Exercise prompt
Drop every image and restate the entries below word for word.

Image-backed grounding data
---

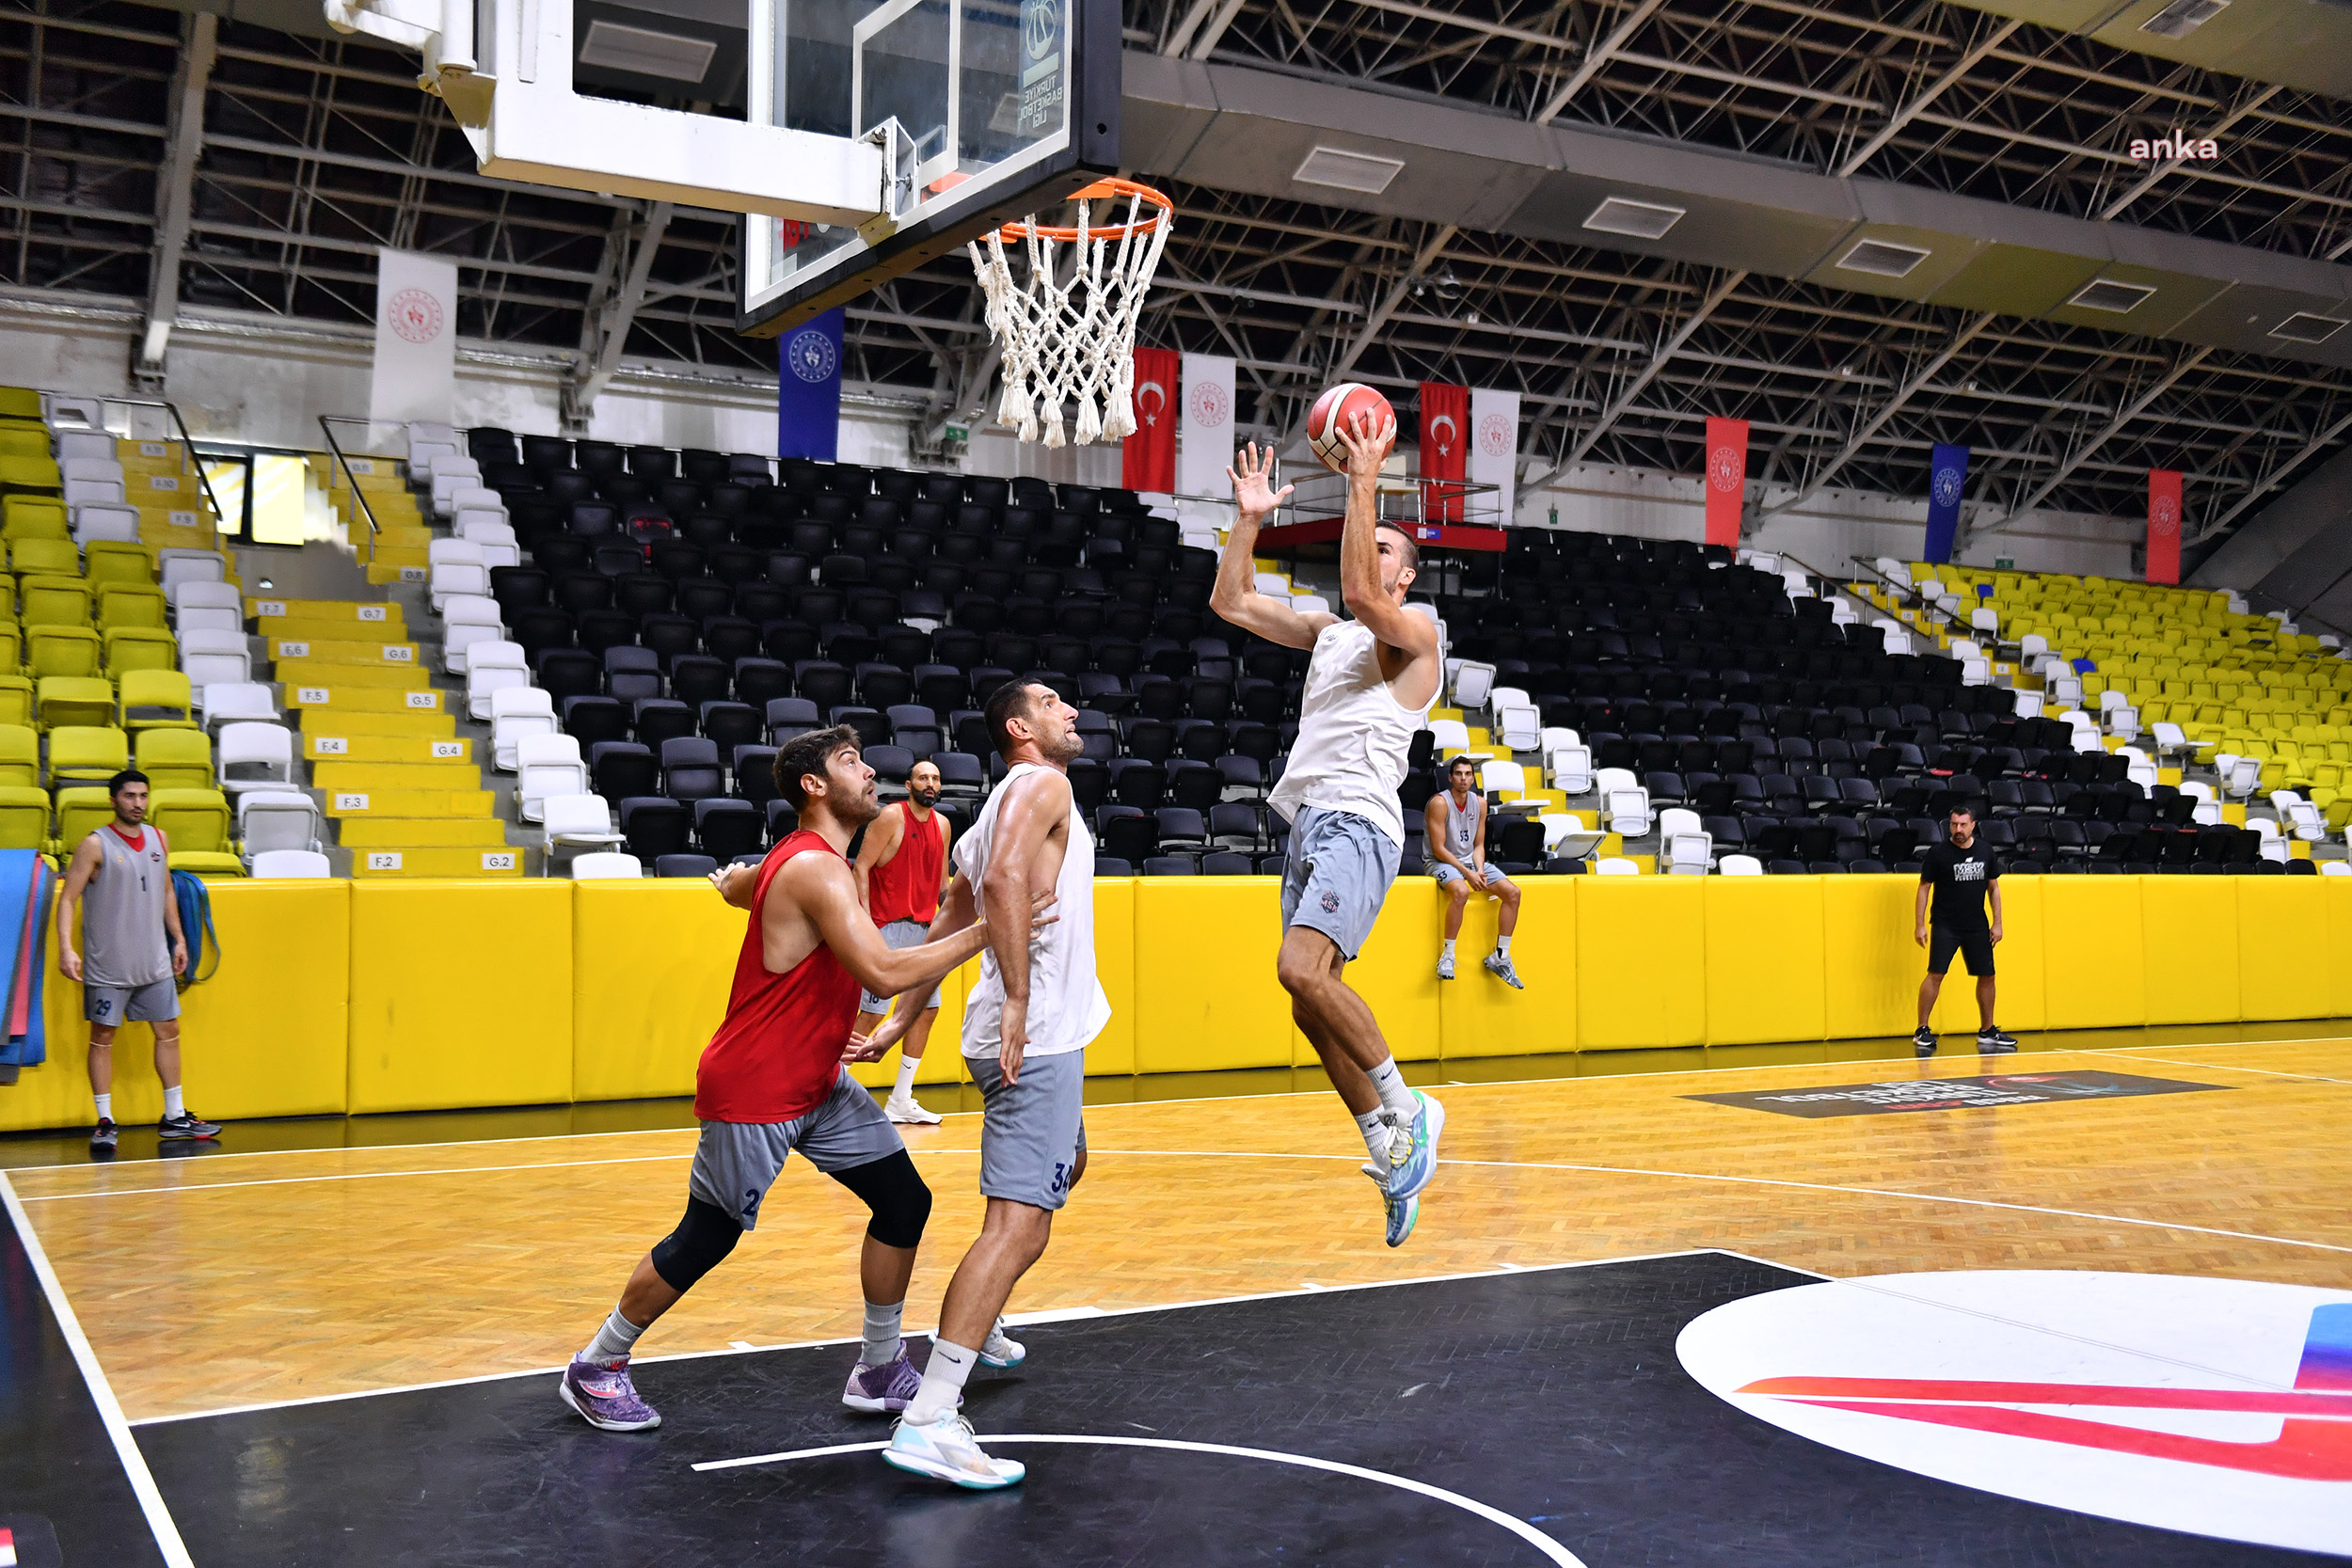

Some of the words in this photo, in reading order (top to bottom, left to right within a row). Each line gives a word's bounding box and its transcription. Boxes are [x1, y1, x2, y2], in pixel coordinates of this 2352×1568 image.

[364, 610, 380, 619] G.7
[389, 650, 407, 658] G.6
[306, 691, 323, 701] F.5
[412, 696, 432, 705] G.5
[322, 741, 339, 751] F.4
[438, 746, 458, 755] G.4
[343, 798, 361, 808] F.3
[375, 857, 393, 867] F.2
[489, 857, 510, 867] G.2
[95, 999, 112, 1017] 29
[741, 1188, 760, 1216] 2

---

Solution for this task
Some of the words in this photo, in reading order (top to bottom, left to right within a row). Each line gives a word's bounding box and its transcription. Boxes are [x1, y1, x2, y2], in pixel coordinates of this 2352×1568 image.

[364, 610, 380, 619] G.7
[389, 650, 407, 658] G.6
[306, 691, 323, 701] F.5
[412, 696, 432, 705] G.5
[322, 741, 339, 751] F.4
[438, 746, 458, 755] G.4
[343, 798, 361, 808] F.3
[375, 857, 393, 867] F.2
[489, 857, 510, 867] G.2
[95, 999, 112, 1017] 29
[741, 1188, 760, 1216] 2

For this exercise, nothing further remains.